Deep blue ribbon. White hair crowned in sunlight, lashes dripping with its golden ichor. Shoulders broadened by time and the weight of lofty dreams.

A celebratory afternoon on the castle terrace, ideas of the future spilled like ink. Lennox pouring them an aromatic blend from a chipped teapot stenciled with red flowers. The smell of chamomile and honey. Crepes stitched with savory fillings. Raucous joy from the courtyard. His hands trembling around his teacup with a giddy disbelief—it was right there, in front of them. He could almost grasp it.

And oh, how his friend had smiled. Too placid to be virtuous, too tense to be righteous. He would have followed the conviction in that smile anywhere. It blinded him, obscured his fate. The kindling in the hand before him, and the match in the piercing blue of that stare.

The fire that would soon consume their shared sky.

“What’s wrong?” Nero stands on the other side of the counter, the stems of two glasses tucked between his fingers.

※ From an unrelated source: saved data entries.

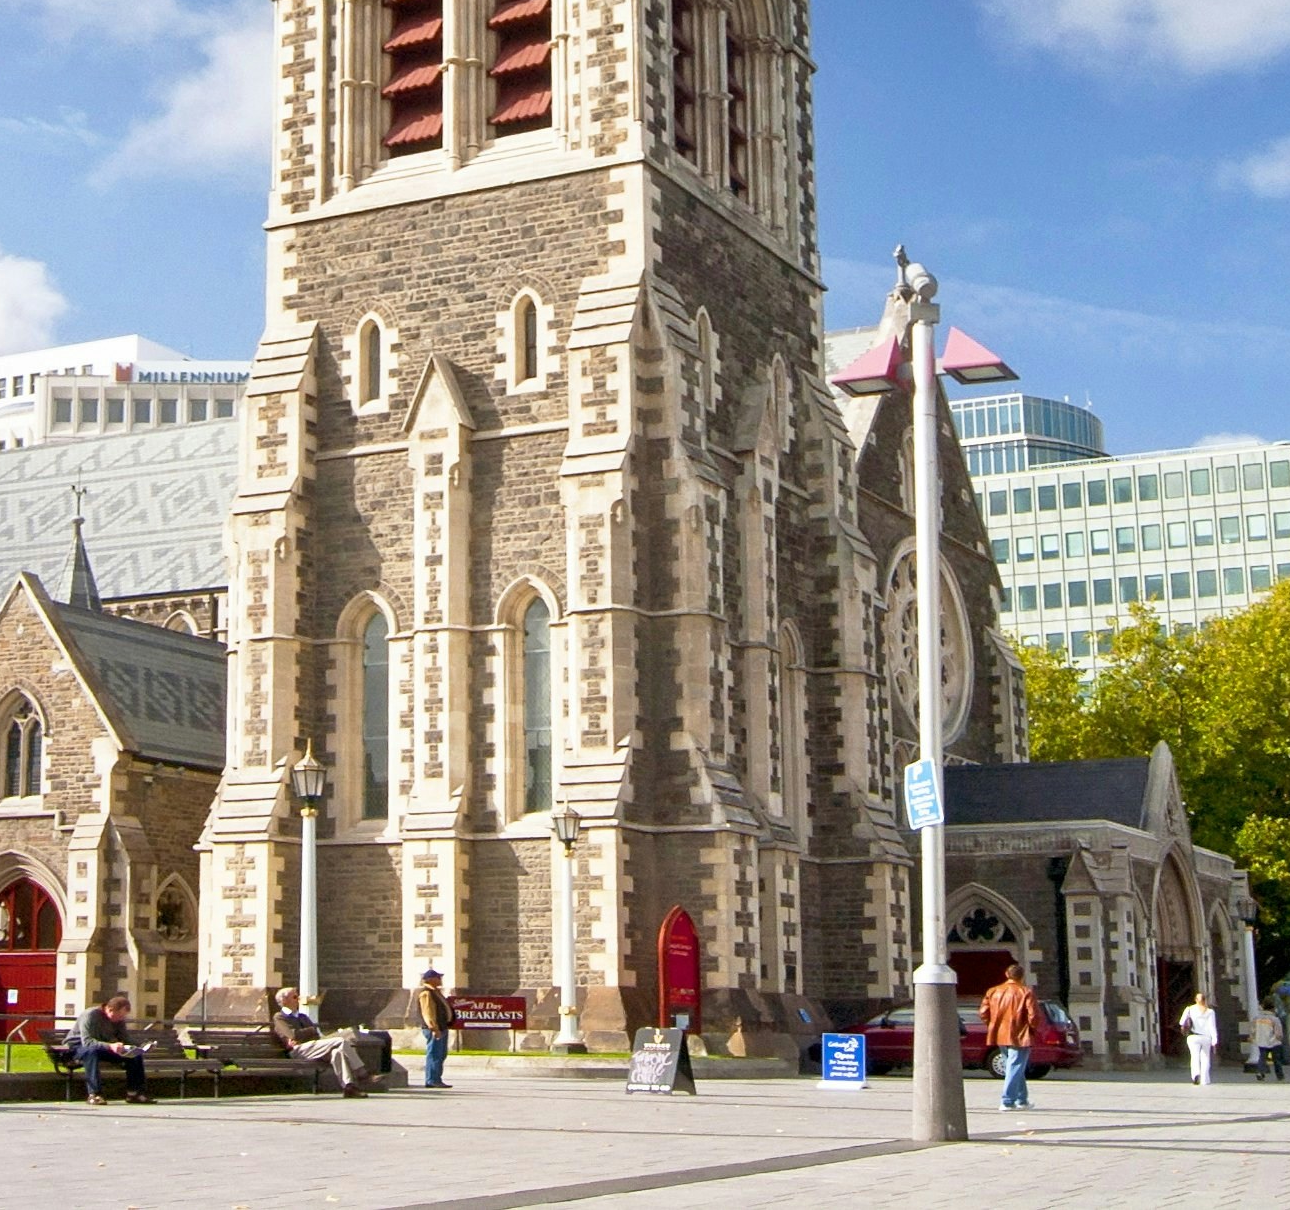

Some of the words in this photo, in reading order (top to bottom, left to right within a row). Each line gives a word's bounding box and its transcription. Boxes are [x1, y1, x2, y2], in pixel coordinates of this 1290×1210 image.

[138, 371, 250, 383] MILLENNIUM
[470, 1002, 485, 1010] All
[486, 1002, 503, 1011] Day
[454, 1010, 524, 1020] BREAKFASTS
[834, 1052, 855, 1060] Open
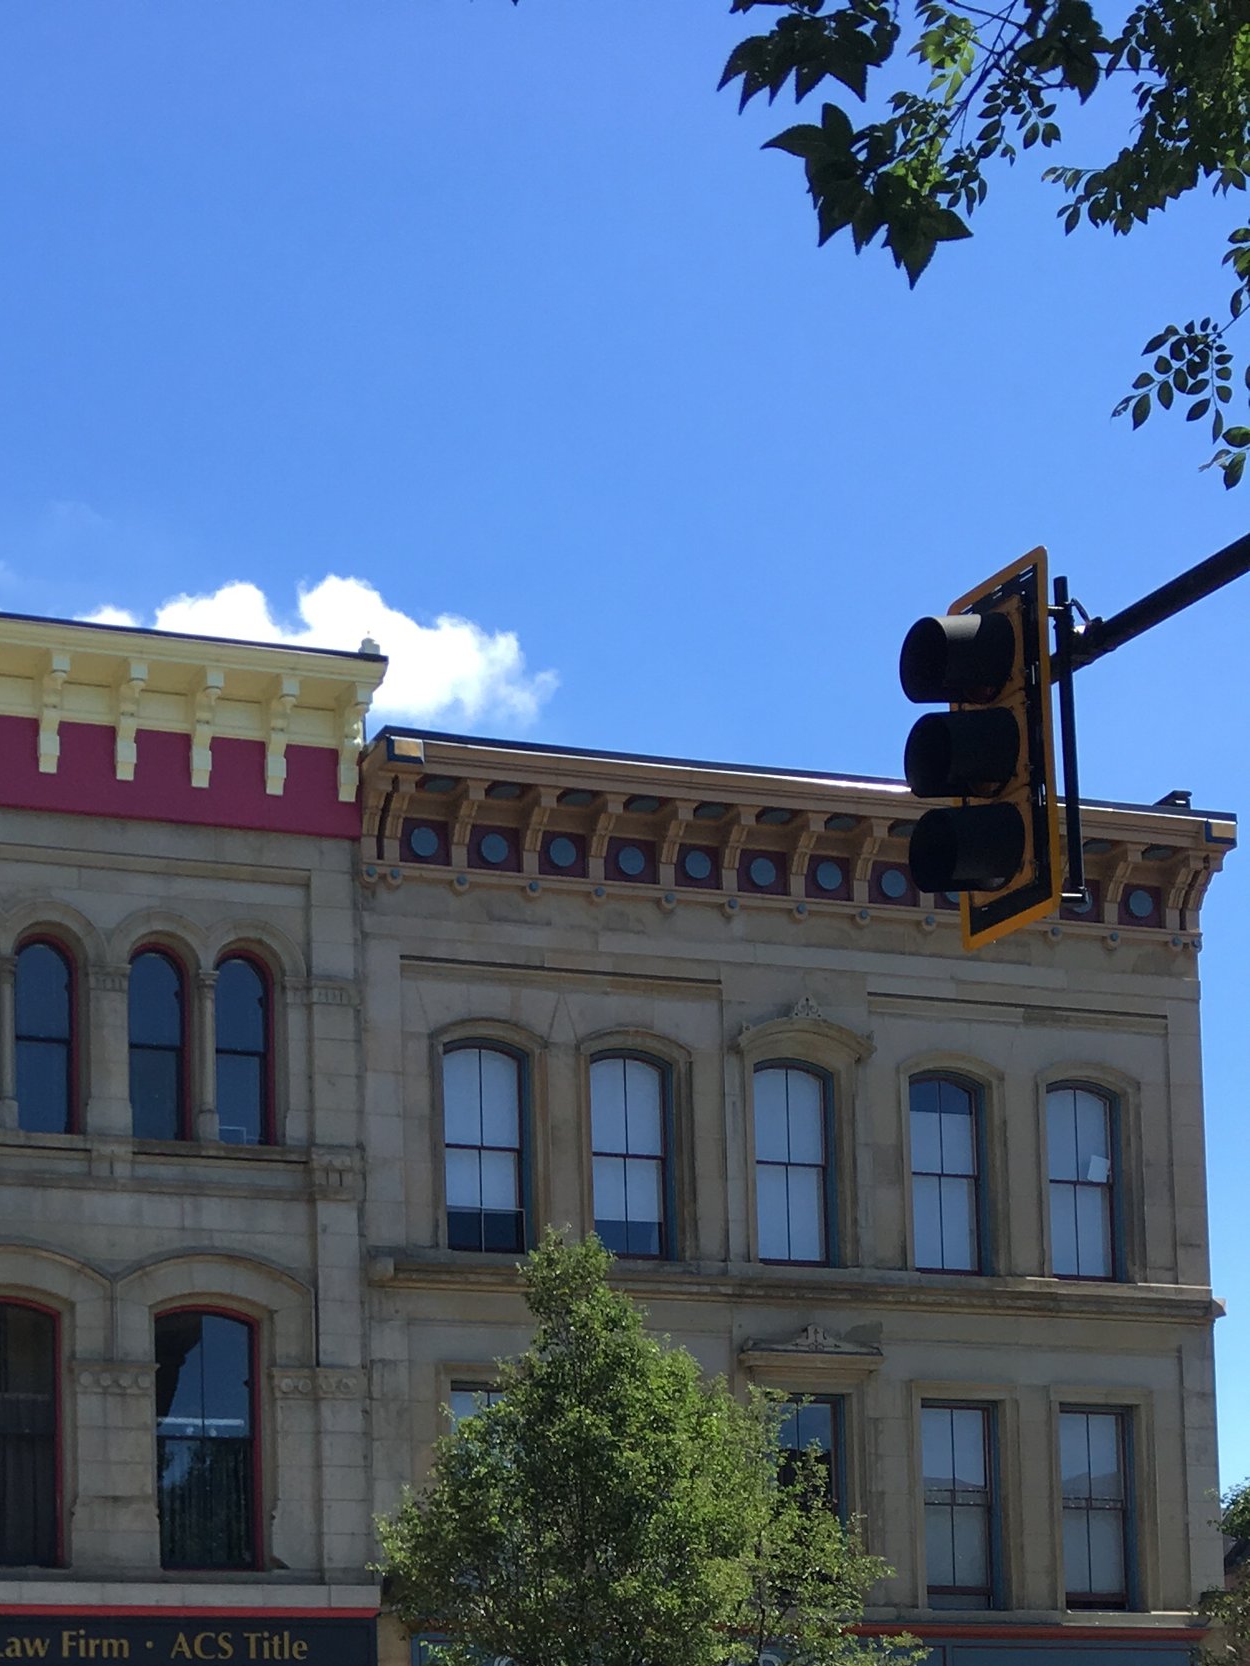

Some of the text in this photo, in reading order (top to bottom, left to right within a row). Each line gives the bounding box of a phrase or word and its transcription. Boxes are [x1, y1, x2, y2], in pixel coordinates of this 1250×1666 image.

[61, 1629, 130, 1659] Firm
[170, 1632, 234, 1660] ACS
[243, 1631, 309, 1660] Title

In the other hand, he touts a wine bottle by its neck, the label embellished with a gold-painted star chart. “Did Owen switch the salt and sugar again?”

So that’s what Shino had been complaining about when he mentioned salty pie. 

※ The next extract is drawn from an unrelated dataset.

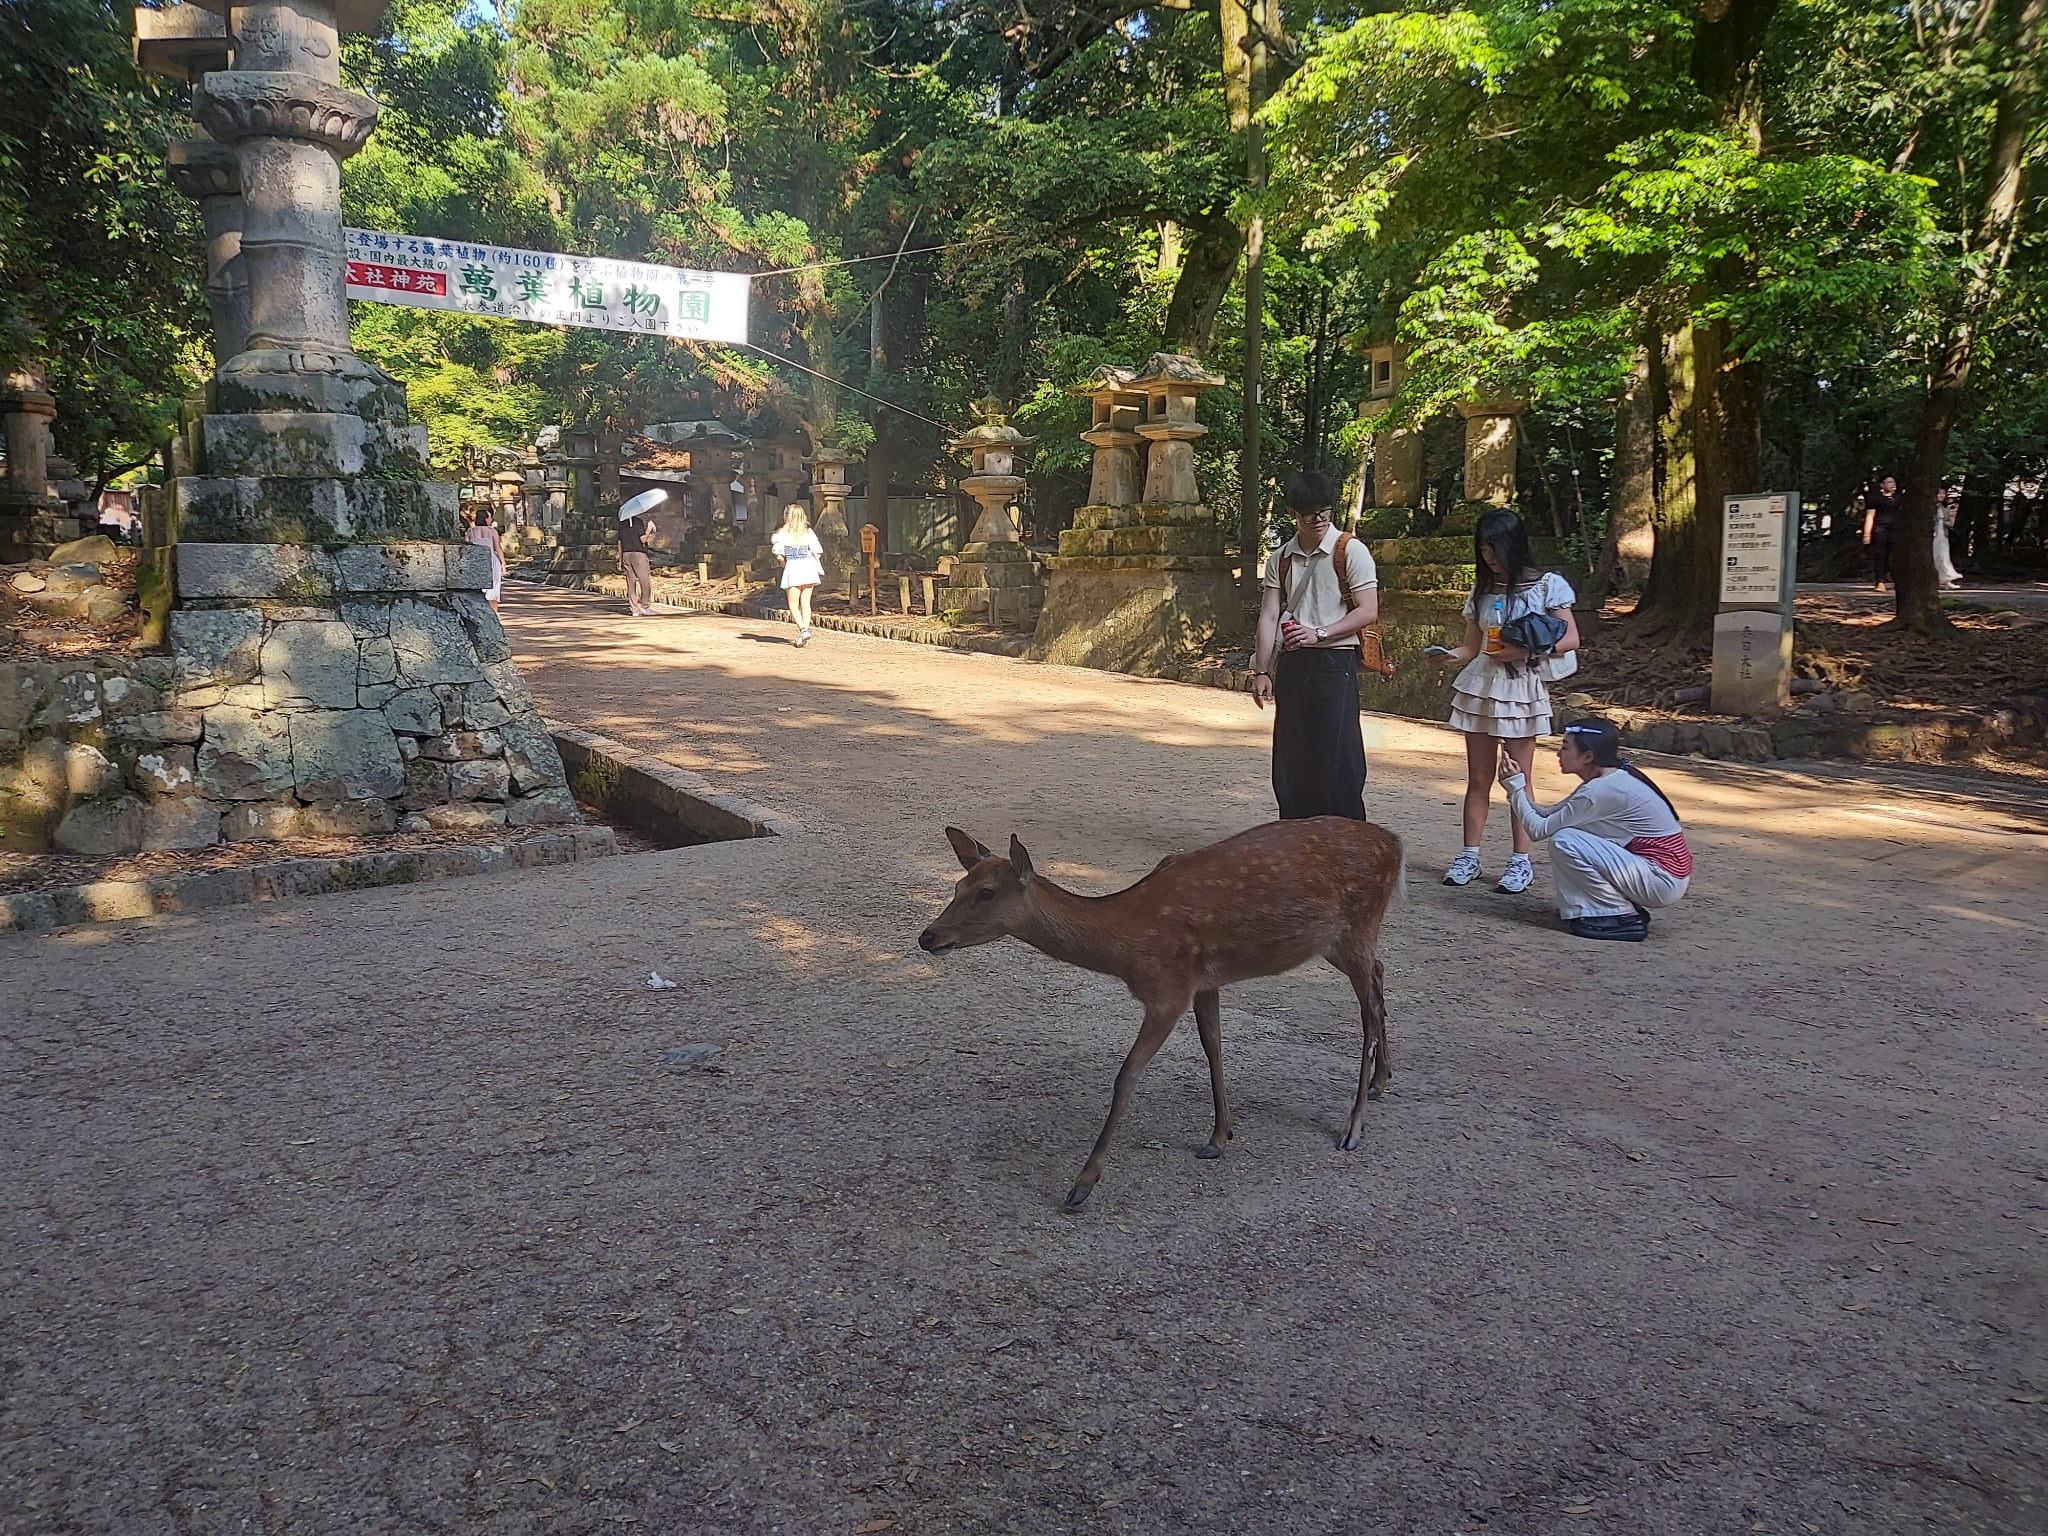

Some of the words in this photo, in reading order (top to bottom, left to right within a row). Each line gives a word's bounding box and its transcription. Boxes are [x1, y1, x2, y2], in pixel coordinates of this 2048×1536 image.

[460, 263, 711, 324] 萬葉植物園

“It’s delicious.” Faust spears another forkful with a bit too much enthusiasm. “For my first time trying the dish, that is.”

Nero sets the glasses down with a short laugh. “Seriously,” he says, pouring them each a share of wine, “I’m not used to dishonest guys like you.”

“Coming from you, I refuse to hear it,” Faust says between bites, though there is a warmth in his tone not unnoticed by him. Perhaps it’s the spirit of being awake in these twilight hours that prompts him to offer, “I used to cook galette often when I was younger. With my family.”

“Told ya I could sense a fellow cook when I saw one,” Nero says with an unabashed grin. He takes a hearty swig of wine that leaves Faust balking across the counter and laughs around the lip of his glass. “Weird to imagine someone like you sharing breakfast with his family, though. It’s a chore getting your ass up before noon every now and then.”

“Shut up.”

Nero’s words remind him of mornings he thought he forgot. The fog of sunrise in that distant village, standing on tiptoe beside the hearth, watching wrinkled hands crack eggs and flip crepes with expertise. The warmth from each forkful that filled up his heart as he stared out the large windows, studying the light of dawn as it rolled over the lavender fields and brushed them with gold. The ache of home.

Faust swirls his wine around in his glass, burgundy waves crashing against its walls. For once, he is eager to fill the silence—and he isn’t even drunk yet.

“Sometimes, if we were fortunate enough to have it, my grandmother would add in some cheese. It was our favorite.” He inhales the smoky sweetness rising up off the glass’ curves. “We would even invite friends from the village over to share.”

He drinks hurriedly before he can say anything else. The taste is oaky, lingering in his throat, rich with ripened fruit. Faust indulges in another sip.

“Huh. I’ll try adding in cheese next time.” Nero scratches his cheek and dislodges that bit of flour, unbeknownst to him. “Maybe we could make it for the kids someday.”

Someday. That word, frozen in time. A word that bore dreams aloft, that guided heroes to their proverbial epochs. A word of conviction—one that used to break from his lips with pride and hope, but now caught in his throat, strangled with memory.

A belief. An unspoken promise.

Nero regards him from across the counter, leaning his weight on his elbows with a soft curve to his lips. In the golden light of the kitchen, that guardedness Nero always laces with his expressions, with his laughter, ebbs away. Faust follows the sincerity in his smile—the invitation to shed his past and come to the table with only an appetite and a conversation.

When he speaks next, his voice is soft, yet brushed with his own conviction. A new start.

“Someday,” Faust echoes.

The weight of the word breaks through the night like the dawn—and its wake, relief.